▶ [Task requirements]: If an entry holds a picture, leave the picture out and output everything else exactly.

▶ [Dataset excerpts]:
┄┄┄┄┄┄

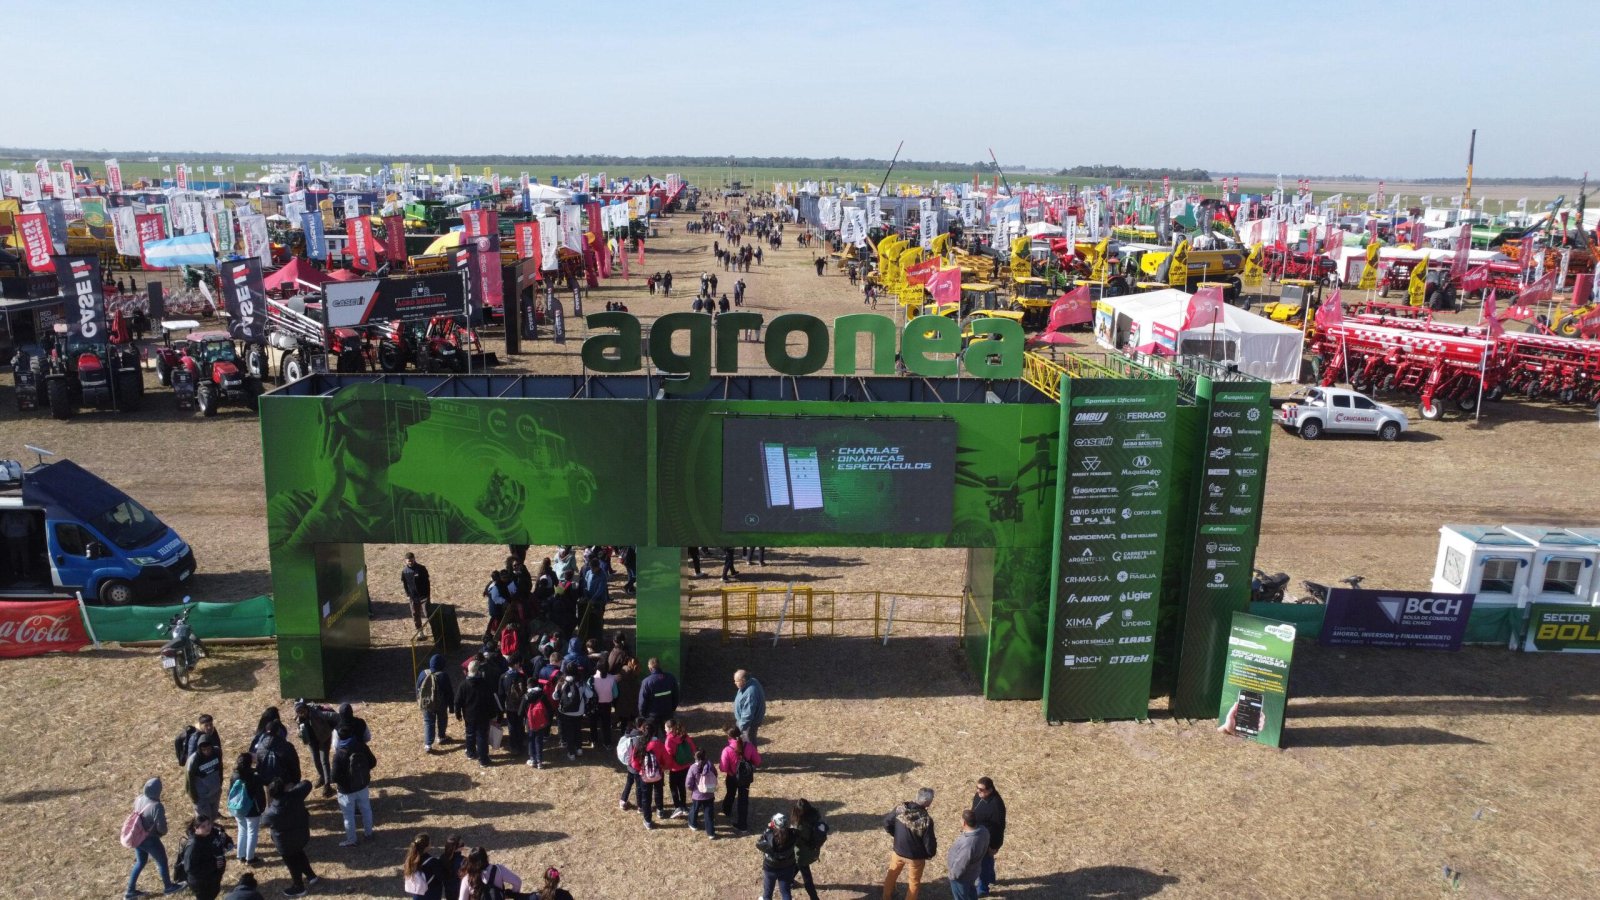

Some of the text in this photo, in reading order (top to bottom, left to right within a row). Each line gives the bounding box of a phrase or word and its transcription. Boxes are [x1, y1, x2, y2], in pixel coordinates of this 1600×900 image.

[581, 311, 1025, 395] agronea
[1075, 412, 1103, 421] OMBU
[1343, 415, 1375, 423] CRUCIANELLI
[1213, 426, 1233, 434] AFA
[838, 447, 899, 455] CHARLAS
[837, 454, 904, 462] DINÁMICAS
[837, 461, 932, 470] ESPECTÁCULOS
[1127, 591, 1152, 601] Ligier
[1405, 597, 1463, 615] BCCH
[1065, 618, 1093, 626] XIMA
[1543, 613, 1591, 622] SECTOR
[1537, 624, 1600, 640] BOL
[1118, 635, 1152, 644] CLAAS
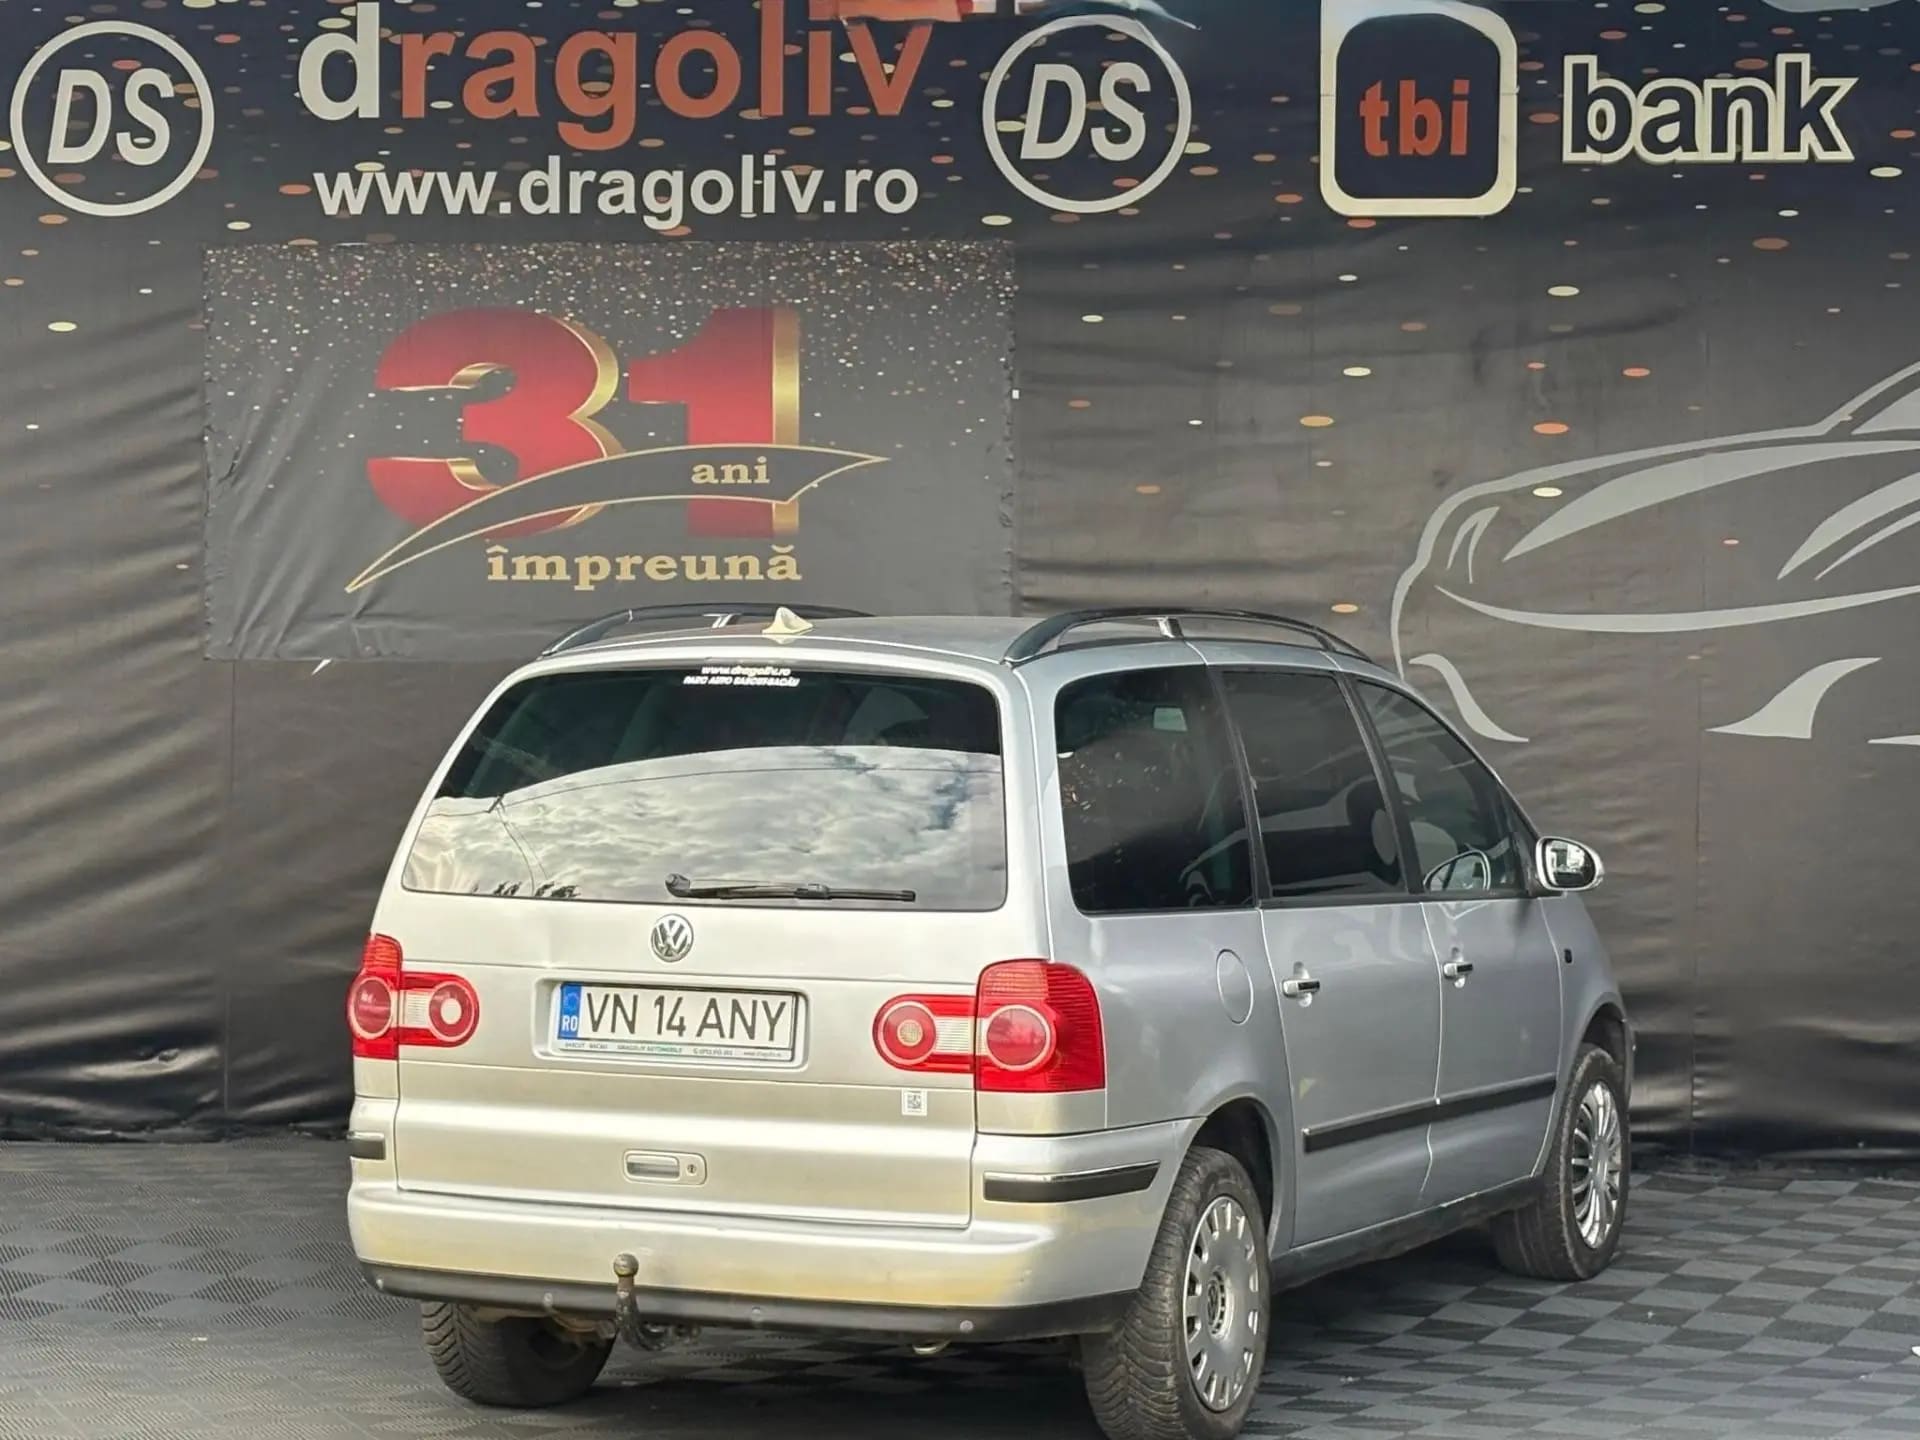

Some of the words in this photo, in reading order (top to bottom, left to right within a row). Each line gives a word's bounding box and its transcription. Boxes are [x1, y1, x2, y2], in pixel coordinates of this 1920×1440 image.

[298, 1, 935, 150] dragoliv
[1020, 63, 1152, 162] DS
[1562, 53, 1858, 164] bank
[47, 68, 174, 165] DS
[1359, 79, 1469, 157] tbi
[312, 154, 919, 231] www.dragoliv.ro
[367, 305, 800, 540] 31
[690, 456, 771, 485] ani
[485, 544, 803, 591] împreună
[562, 1014, 578, 1032] RO
[586, 992, 639, 1035] VN
[653, 995, 687, 1037] 14
[696, 998, 787, 1042] ANY
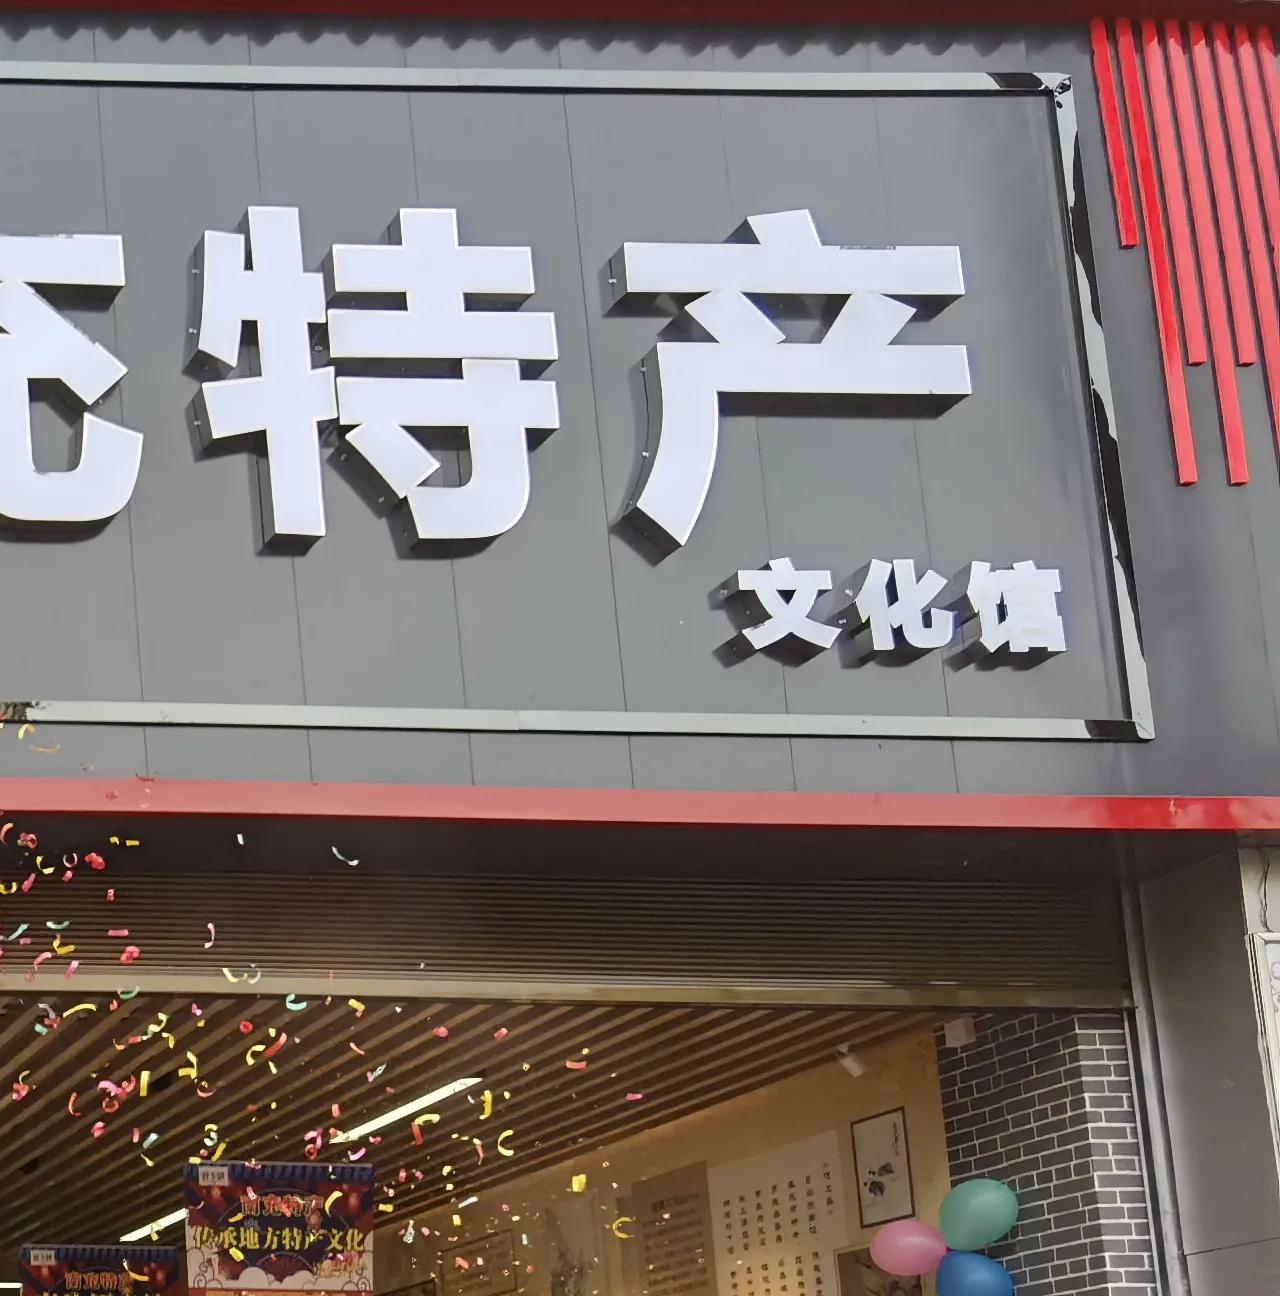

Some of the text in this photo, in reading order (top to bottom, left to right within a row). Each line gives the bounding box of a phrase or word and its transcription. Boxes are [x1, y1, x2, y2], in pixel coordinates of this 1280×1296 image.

[737, 556, 1067, 653] 文化馆
[193, 1226, 365, 1251] 传承地方特产文化
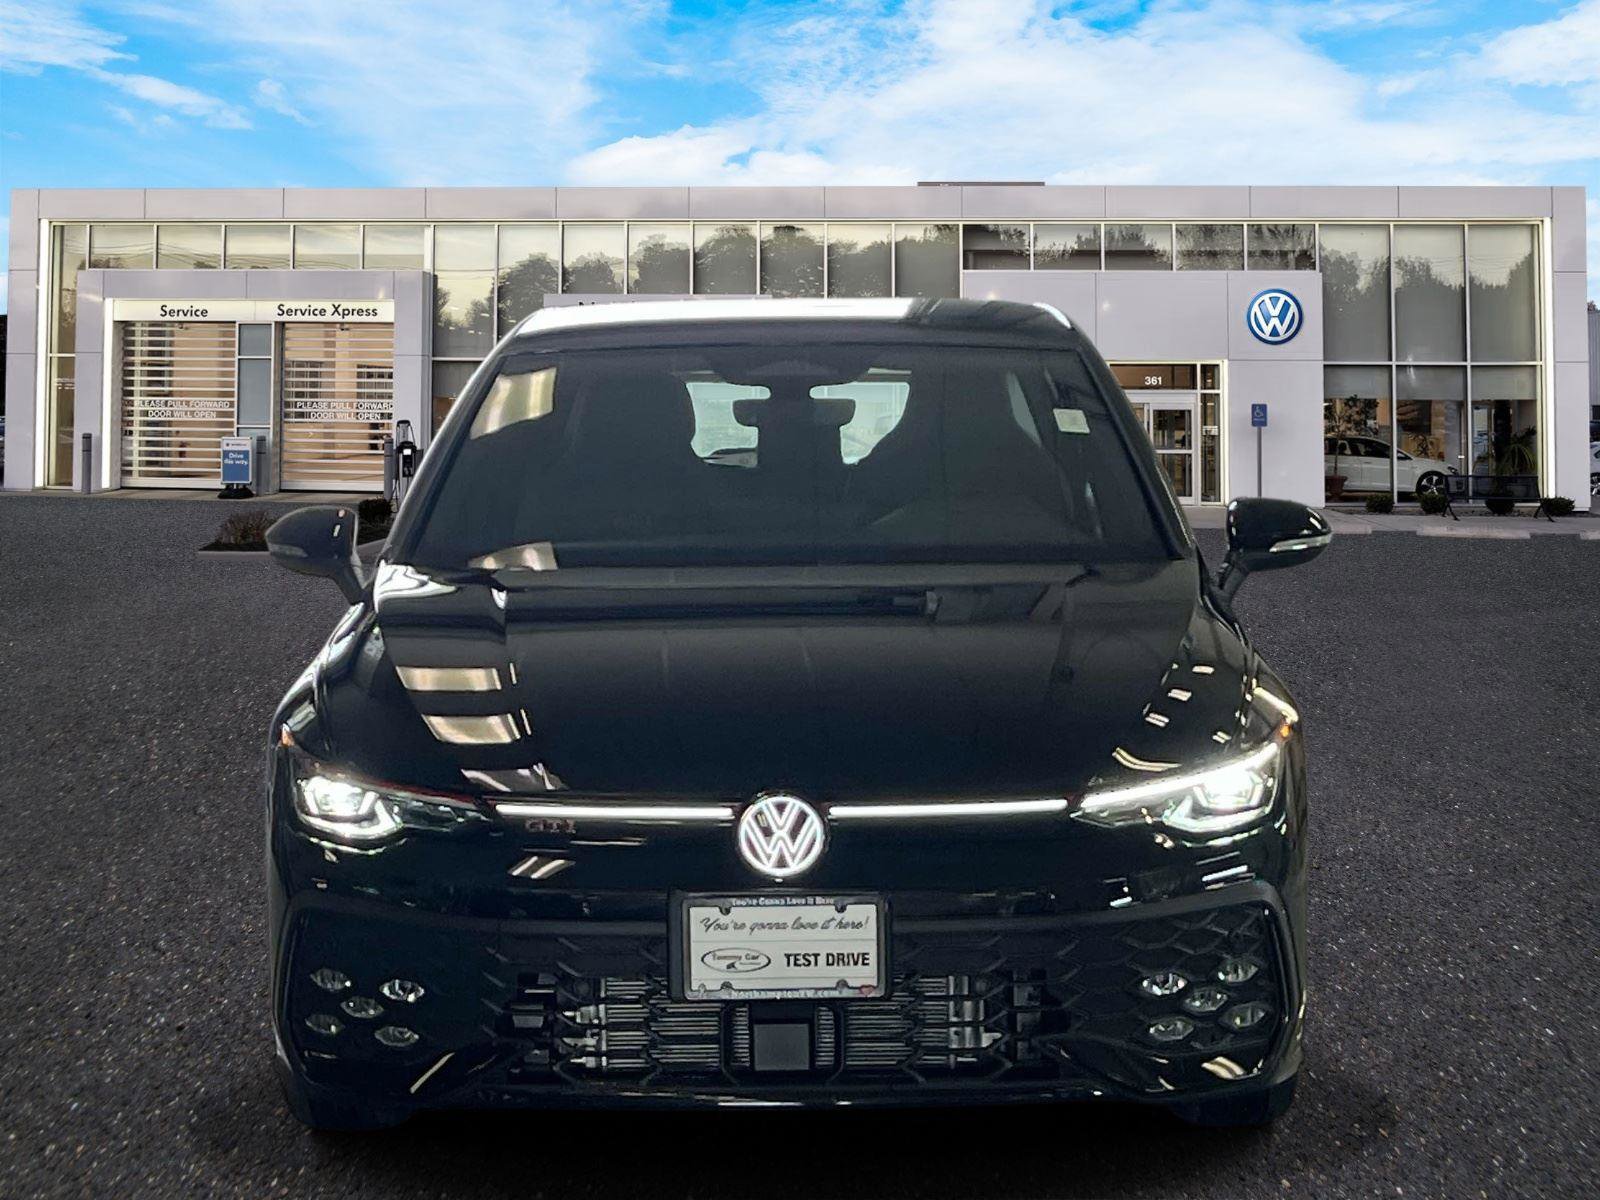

┄┄┄┄┄┄

▶ [Result of the task]:
Some of the text in this photo, in reading order (top to bottom, left to right within a row). Each line gives the bounding box of a phrase or word and its transcription. Boxes are [x1, y1, x2, y2], in pixel coordinates of this 1600×900 image.

[581, 311, 1025, 395] agronea
[1075, 412, 1103, 421] OMBU
[1343, 415, 1375, 423] CRUCIANELLI
[1213, 426, 1233, 434] AFA
[838, 447, 899, 455] CHARLAS
[837, 454, 904, 462] DINÁMICAS
[837, 461, 932, 470] ESPECTÁCULOS
[1127, 591, 1152, 601] Ligier
[1405, 597, 1463, 615] BCCH
[1065, 618, 1093, 626] XIMA
[1543, 613, 1591, 622] SECTOR
[1537, 624, 1600, 640] BOL
[1118, 635, 1152, 644] CLAAS

Some of the words in this photo, in reading order (top to bottom, left to right within a row). Each line gives a word's bounding box and its transcription. Boxes are [x1, y1, x2, y2], in pixel coordinates of this 1920×1440 image.

[298, 1, 935, 150] dragoliv
[1020, 63, 1152, 162] DS
[1562, 53, 1858, 164] bank
[47, 68, 174, 165] DS
[1359, 79, 1469, 157] tbi
[312, 154, 919, 231] www.dragoliv.ro
[367, 305, 800, 540] 31
[690, 456, 771, 485] ani
[485, 544, 803, 591] împreună
[562, 1014, 578, 1032] RO
[586, 992, 639, 1035] VN
[653, 995, 687, 1037] 14
[696, 998, 787, 1042] ANY

Some of the text in this photo, in reading order (top to bottom, left to right within a row). Each line gives the bounding box of a phrase or word and its transcription. Boxes are [x1, y1, x2, y2], in pixel coordinates of this 1280×1296 image.

[737, 556, 1067, 653] 文化馆
[193, 1226, 365, 1251] 传承地方特产文化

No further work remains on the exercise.